By 5:30 PM, it was beginning to get dark and we decided to walk back to our hotel. The evening was well spent inside our room with vegetable pakoro and some Old Monk leftovers. But it turned out to be a surprise when we were invited by the hotel owner to join his bon-fire party just outside the room. There was bon-fire, roasted chicken, alcohol and music and he was already enjoying with his friends. We were there for some time, and finally we headed for the dinning room for dinner. We decided to sleep early as we needed to catch a direct vehicle from Rishop to Kalimpong the next day morn, which was supposed to leave at 8AM from Rishop as told to us by the hotel owner.

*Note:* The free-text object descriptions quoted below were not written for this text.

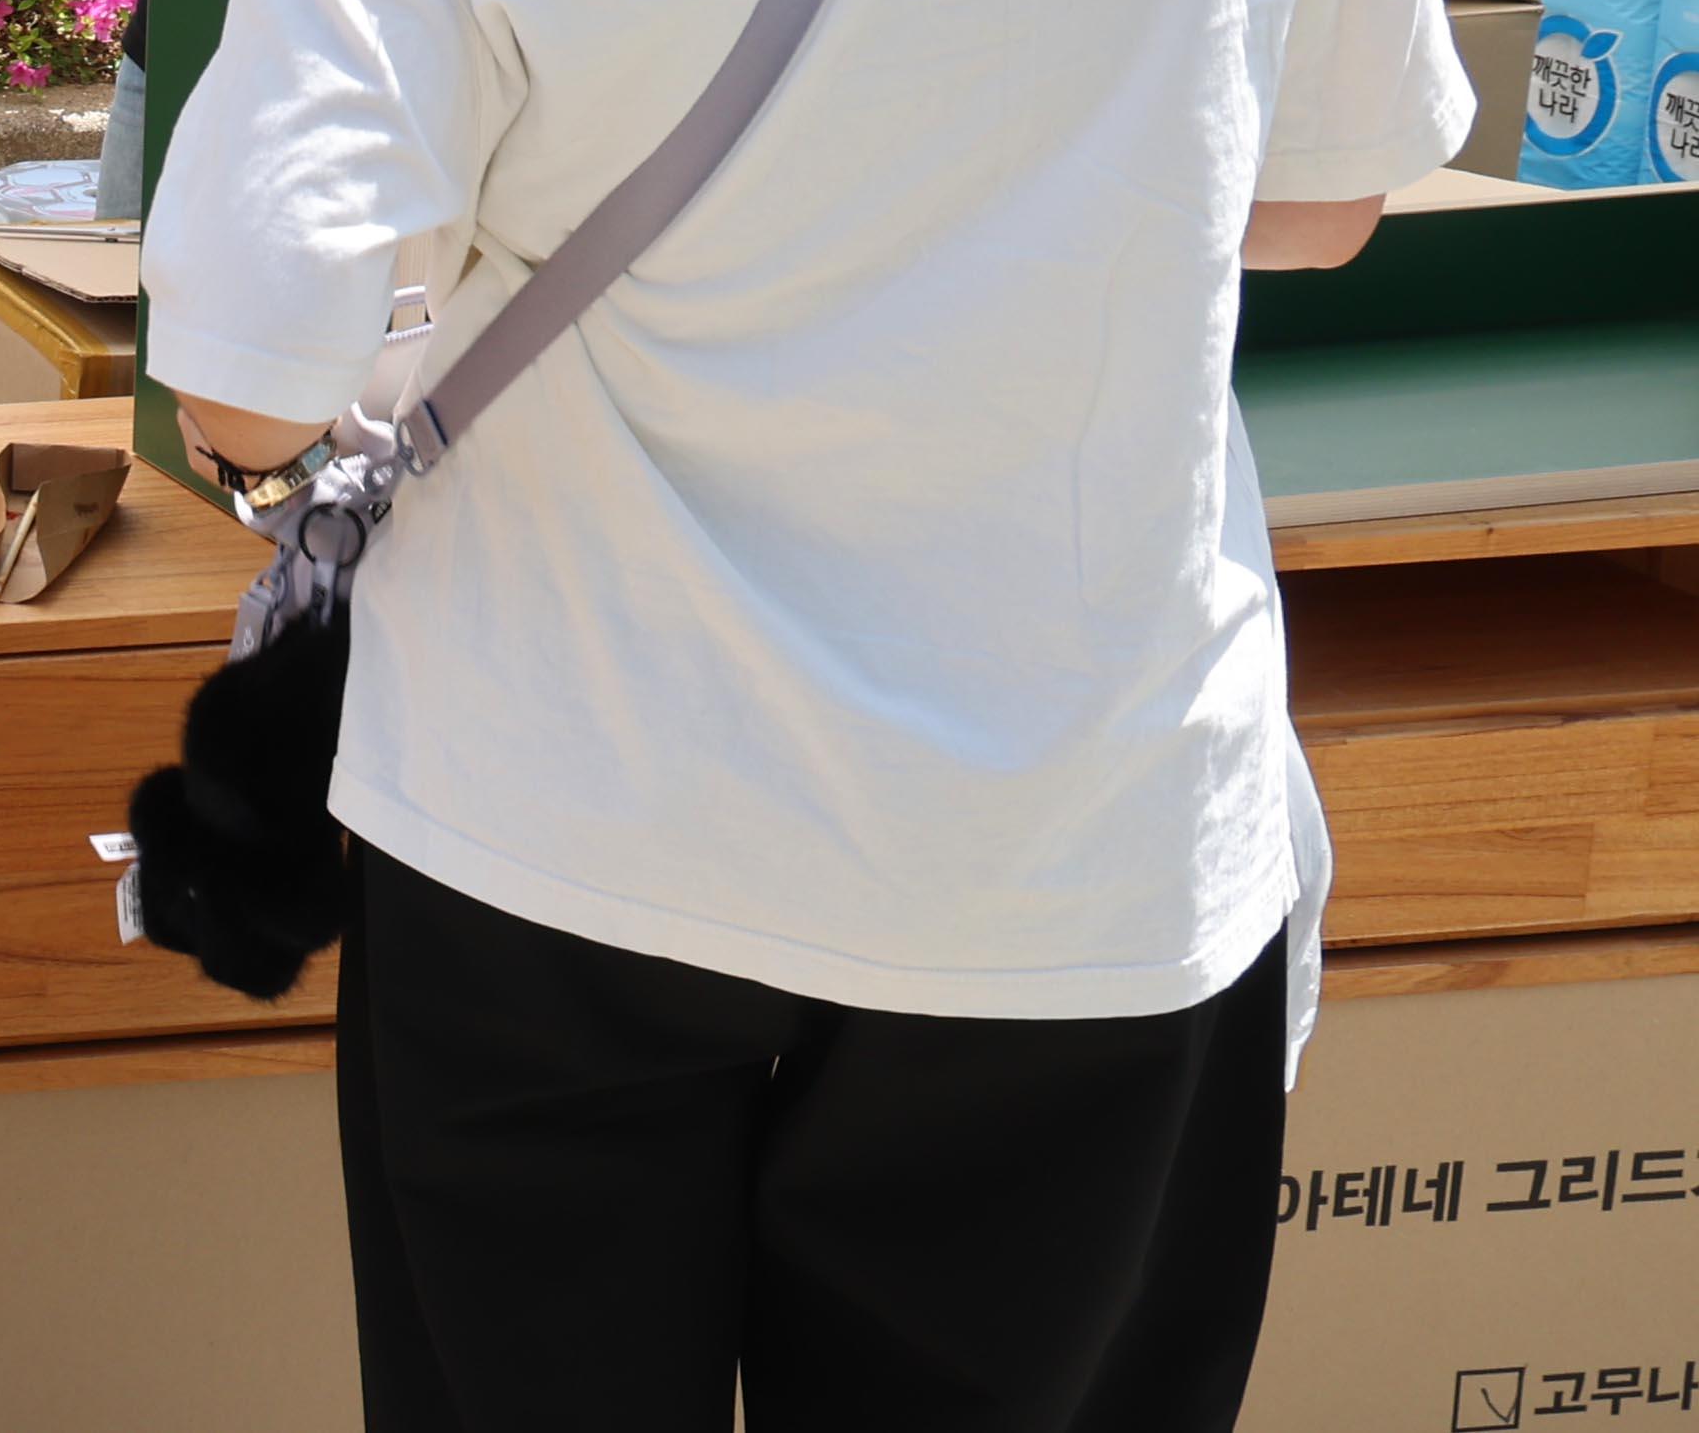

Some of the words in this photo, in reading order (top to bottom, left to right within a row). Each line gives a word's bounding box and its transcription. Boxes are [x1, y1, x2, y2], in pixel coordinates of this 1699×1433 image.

[1532, 54, 1592, 98] 깨끗한
[1538, 88, 1579, 124] 나라
[1277, 1160, 1465, 1231] 아테네
[1486, 1149, 1699, 1212] 그리드
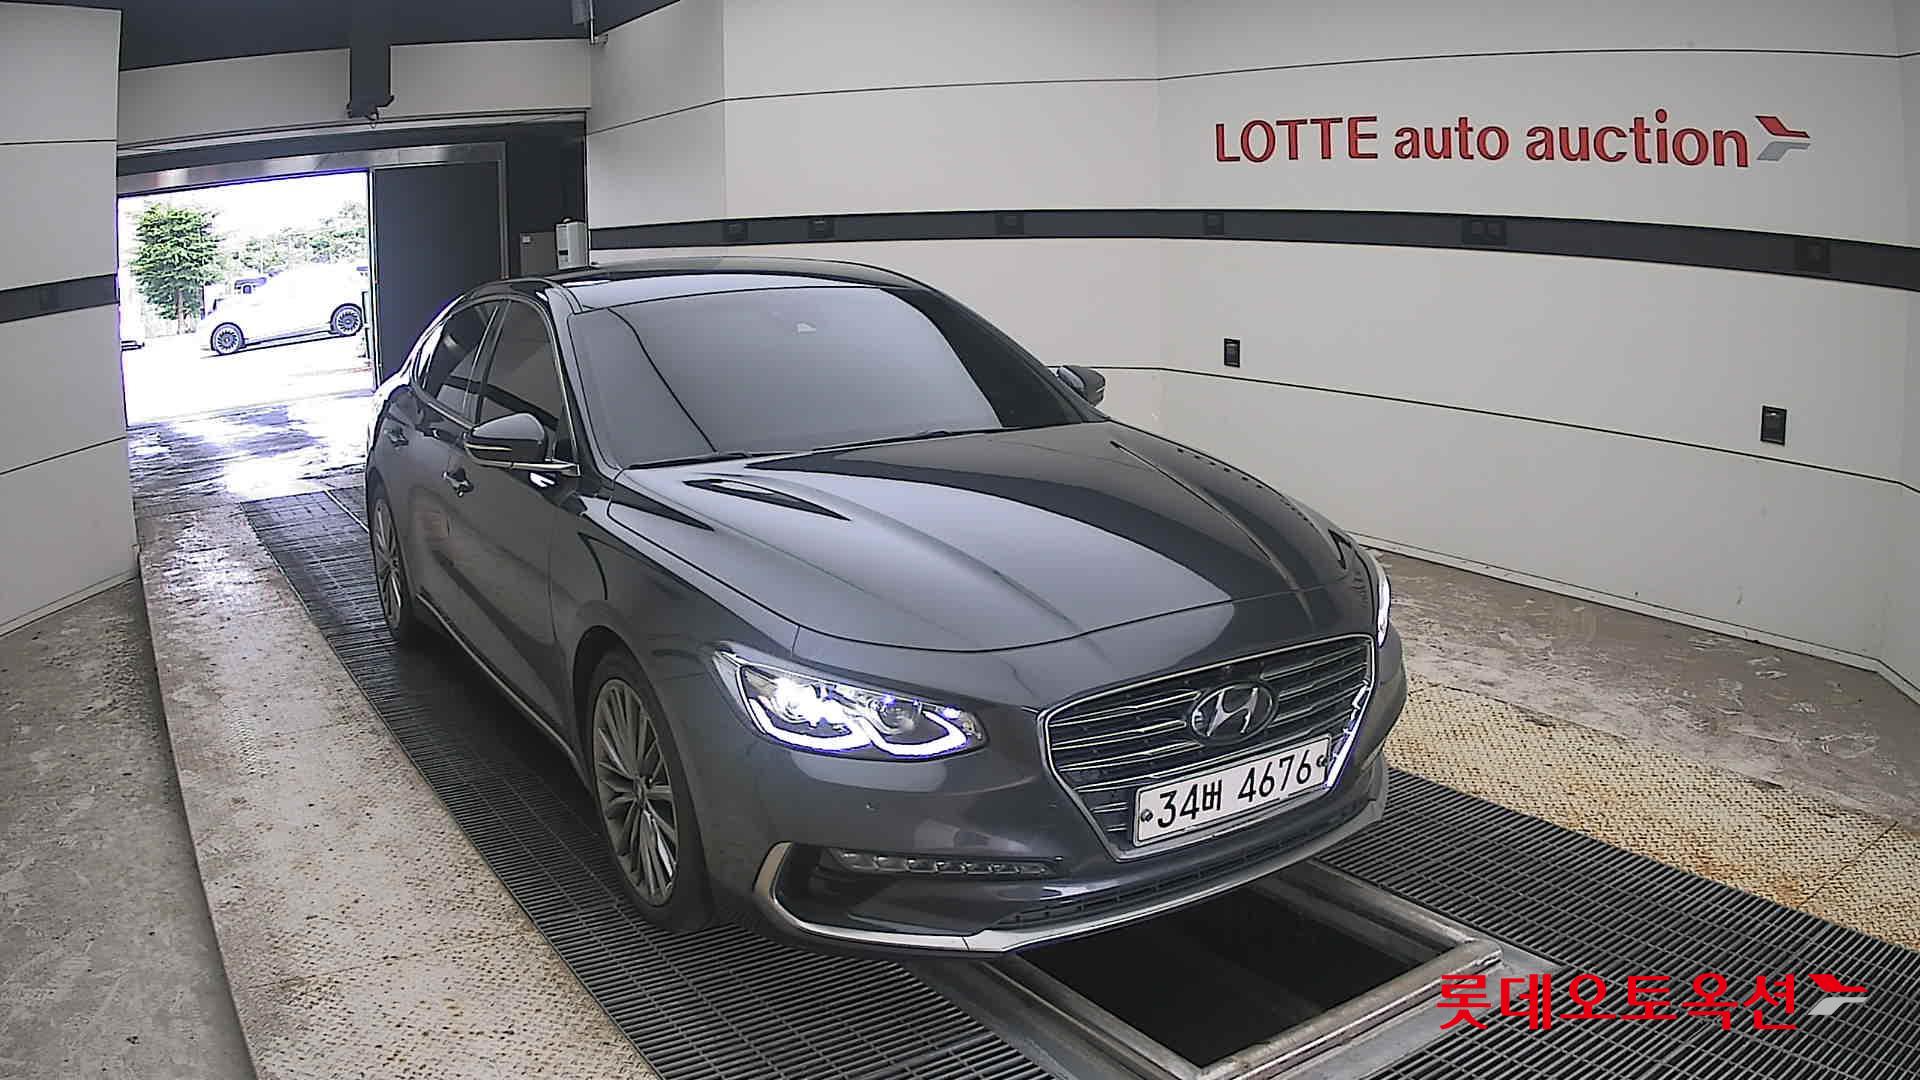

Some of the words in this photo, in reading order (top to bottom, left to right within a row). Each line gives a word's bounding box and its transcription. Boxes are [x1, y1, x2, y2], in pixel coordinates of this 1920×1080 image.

[1214, 115, 1378, 163] LOTTE
[1393, 116, 1510, 161] auto
[1525, 109, 1750, 168] auction
[1157, 779, 1223, 828] 34버
[1237, 749, 1312, 803] 4676

Day 3 – It was one of the most memorable travel days in our life when we woke up with a clear view of the Kanchendzonga range in front of our eyes. We didn’t waste a single moment and rushed out of the room with the camera in order to enjoy and capture the beauty from a higher view point. It was around 6 in the morning, and we were so mesmerized with the scenic beauty of the Kanchendzonga range that we failed to realize how two hours had passed by. We quickly went to the hotel room to have shower and packed our baggage. But by the time we reached the reception of our hotel, the only vehicle traveling from Rishop to Kalimpong had already left.
At this point of time, the journey became more adventurous. It was almost 9AM in Rishop and we were without a vehicle and we had a train to catch at NJP after 7 hours only. The hotel owner came to our rescue, but not with his own vehicle but a personalized plan to reach NJP within time. We paid Rs.600 for the room (3 persons) and Rs.230 each for food including breakfast, lunch, evening snacks and dinner and quickly left for Choy Mile trek, as suggested by the hotel owner.
We further trekked up-hill for another 45 minutes to Choy Mile (read: six mile) while passing through the highest view point of Rishop. Since we were in hurry, we did not get enough time to explore the area nearby. But we were lucky enough to get a vehicle just before reaching Choy Mile to take us directly to Kalimpong. And surprisingly there were only three empty seats in it. It was almost like a miracle. The Rishop-Algarah-Kalimpong route is quite smooth comparing to the NJP-Malbazar-Gorubathan route, but definitely this lacked the beauty of traveling through the tea estate and passing under the dangerously dangling gigantic rocks. It was Sunday, and the street at Algarah was tremendously crowded due to “Sunday Market”. After zig zaging through the crowd, we finally reached Kalimpong taxi stand around 11AM. The journey from Choy Mile to Kalipong cost us Rs.150 for three people.
We did not have much time to explore Kalimong. We quickly had our brunch (Samosa, sweets and tea) at a near by restaurant and went to the taxi stand to book our seats for Siliguri (Most vehicles go to Siliguri, there is hardly any direct vehicle to NJP from Kalimpong). We booked a shared vehicle to Siliguri for Rs.80 each. There were total ten people jam packed in it and we reached Siliguri somehow around 1:30PM. It was indeed, an uncomfortable ride.
After having lunch (it was grand Bengali lunch) at Siliguri, we booked an auto to NJP Station and reached there by 3PM. Our train back to Calcutta was almost delayed by an hour. Finally the train left NJP around 5PM.
Day 4 – We reached Calcutta around 6:30AM, almost an hour and half late from the scheduled time. And we were back home within 7AM to enjoy the homemade breakfast.